Providing this equipment is up to local departments.

“This legislation places numerous mandates on police agencies with no funding source for local communities,” VanVickle said. “Because of this it will reduce the amount of funding available for actual on-the-street police protection and/or cause the raising of local taxes.”

He said the bill also allows the public to file anonymous complaints against any officer without having to swear that those complaints are true, and those complaints remain in the officer's file.

“The careers of good police officers can be ruined by anyone willing to anonymously submit lies,” he said.

State Rep. Andrew Chesney (R-Freeport) took to the floor of the House to speak out against a bill which he said, “jeopardizes community safety.”

 “Where I come from, Northwest Illinois, we back the badge,” Chesney said. “This bill is flawed public policy which gives more rights to criminals over law enforcement. I stand with our law enforcement, not because it is convenient, but rather because they keep my family and my district safe.”

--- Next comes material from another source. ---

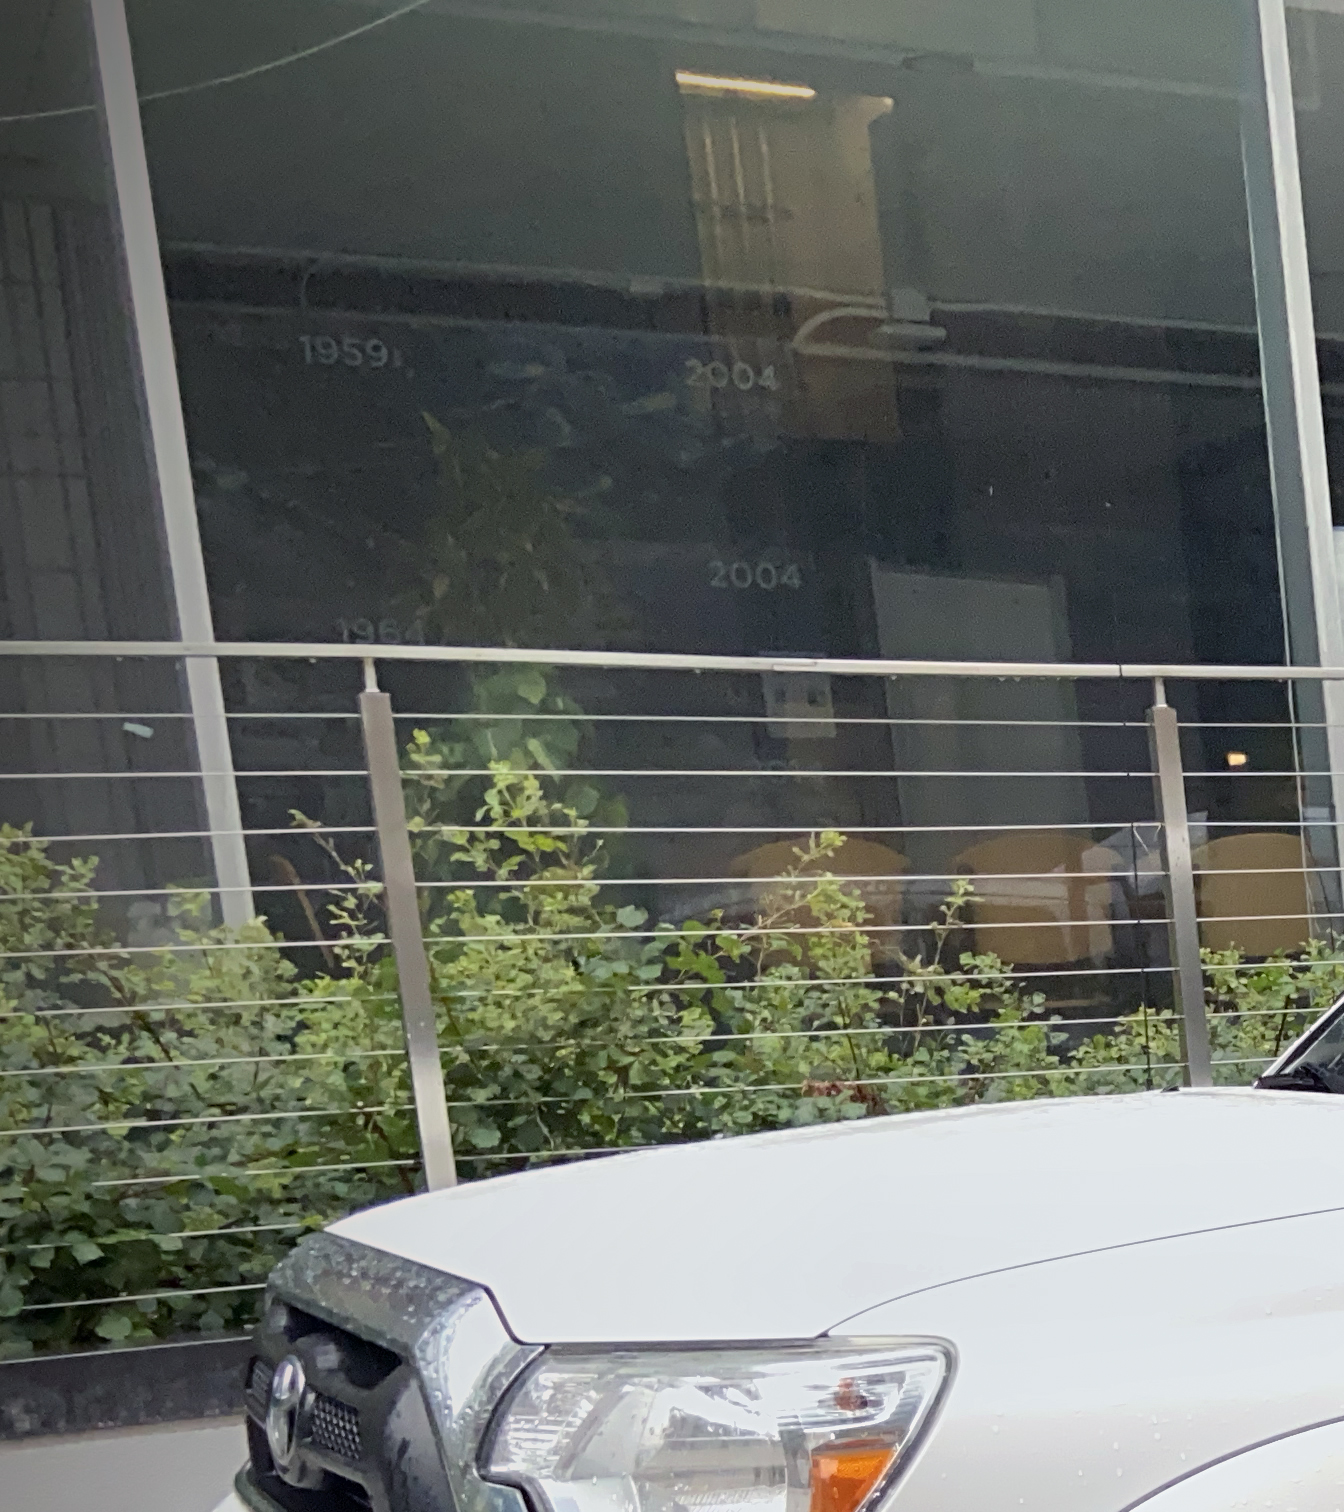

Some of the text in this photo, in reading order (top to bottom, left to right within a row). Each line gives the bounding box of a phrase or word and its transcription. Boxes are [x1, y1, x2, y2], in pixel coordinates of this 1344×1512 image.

[298, 334, 389, 368] 1959
[684, 357, 780, 391] 2004
[707, 559, 802, 591] 2004

On Facebook, VanVickle said organizations have been meeting to address concerns regarding criminal justice.

“We continue to be open to talks but unfortunately, the way in which this bill was released without any warning or review during a lame-duck session does not allow for the coalition to accurately or properly provide dialog in the remaining two days. As I stated previously we are not opposed to modernization but let's get it right the first time. This bill certainly does not do that.”

It is not known if, or when, Pritzker will sign the bill into law.